In vertebrates having sex chromosomes, sexual behavior is influenced by steroid hormones throughout life as well as by the cumulative experiences of the individual. Because males and females differ genetically as well as hormonally, it would be valuable to distinguish the contribution of sex-specific genes from hormones. In addition, since animals age as they gain sociosexual experience, but do not necessarily gain sociosexual experience as they age, it is important to separate the effects of age from those attributable to experience. The leopard gecko is a lizard lacking sex chromosomes, depending instead upon the temperature during incubation to establish gonadal sex. This effectively removes sex-specific genetic influences from any study of sexual differentiation. Eggs were incubated at either 26 degrees C or 32.5 degrees C, temperatures that produce only female hatchlings or a male-biased sex ratio, respectively.
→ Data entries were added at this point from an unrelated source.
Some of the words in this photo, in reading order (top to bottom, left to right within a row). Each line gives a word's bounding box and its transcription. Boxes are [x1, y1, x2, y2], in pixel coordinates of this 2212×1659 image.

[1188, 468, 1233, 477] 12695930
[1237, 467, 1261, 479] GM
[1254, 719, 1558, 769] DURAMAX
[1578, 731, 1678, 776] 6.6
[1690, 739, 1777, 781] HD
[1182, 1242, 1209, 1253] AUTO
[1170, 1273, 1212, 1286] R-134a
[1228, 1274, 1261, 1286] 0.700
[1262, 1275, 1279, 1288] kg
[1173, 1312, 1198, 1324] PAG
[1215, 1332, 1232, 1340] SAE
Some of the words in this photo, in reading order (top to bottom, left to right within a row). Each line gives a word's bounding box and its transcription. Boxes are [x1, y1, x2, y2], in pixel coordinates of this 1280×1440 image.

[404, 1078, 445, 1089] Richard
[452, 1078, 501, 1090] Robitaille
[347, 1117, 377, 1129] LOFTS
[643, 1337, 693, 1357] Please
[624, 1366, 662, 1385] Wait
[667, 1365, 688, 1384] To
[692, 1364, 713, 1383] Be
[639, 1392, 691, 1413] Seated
By raising geckoes in isolation and then housing some animals together in breeding groups at different ages after they attained sexual maturity, it was possible to assess the relative effects of age and sociosexual experience on the volume and metabolic capacity of limbic and non-limbic brain areas. In general, males showed more changes compared to females. For example, there was a decrease with age in the volume of the preoptic area and the ventromedial hypothalamus in males, but not in females. Both age and sociosexual experience influenced cytochrome oxidase activity in these and other brain areas. Experienced animals had greater metabolic capacity in nuclei functionally associated with sociosexual behavior in lizards and other vertebrates. For example, cytochrome oxidase activity was higher in the anterior hypothalamus of males, in the ventromedial hypothalamus of both males and females from the male-biased incubation temperature, and in the preoptic area of females from both incubation temperatures. These differences were not paralleled by differences in circulating levels of sex hormones; only plasma androgen levels differed as a function of experience in males. These data suggest that the volume and metabolic capacity of specific brain regions change as animals age and gain sociosexual experience, but the nature and degree of change depend upon prenatal events.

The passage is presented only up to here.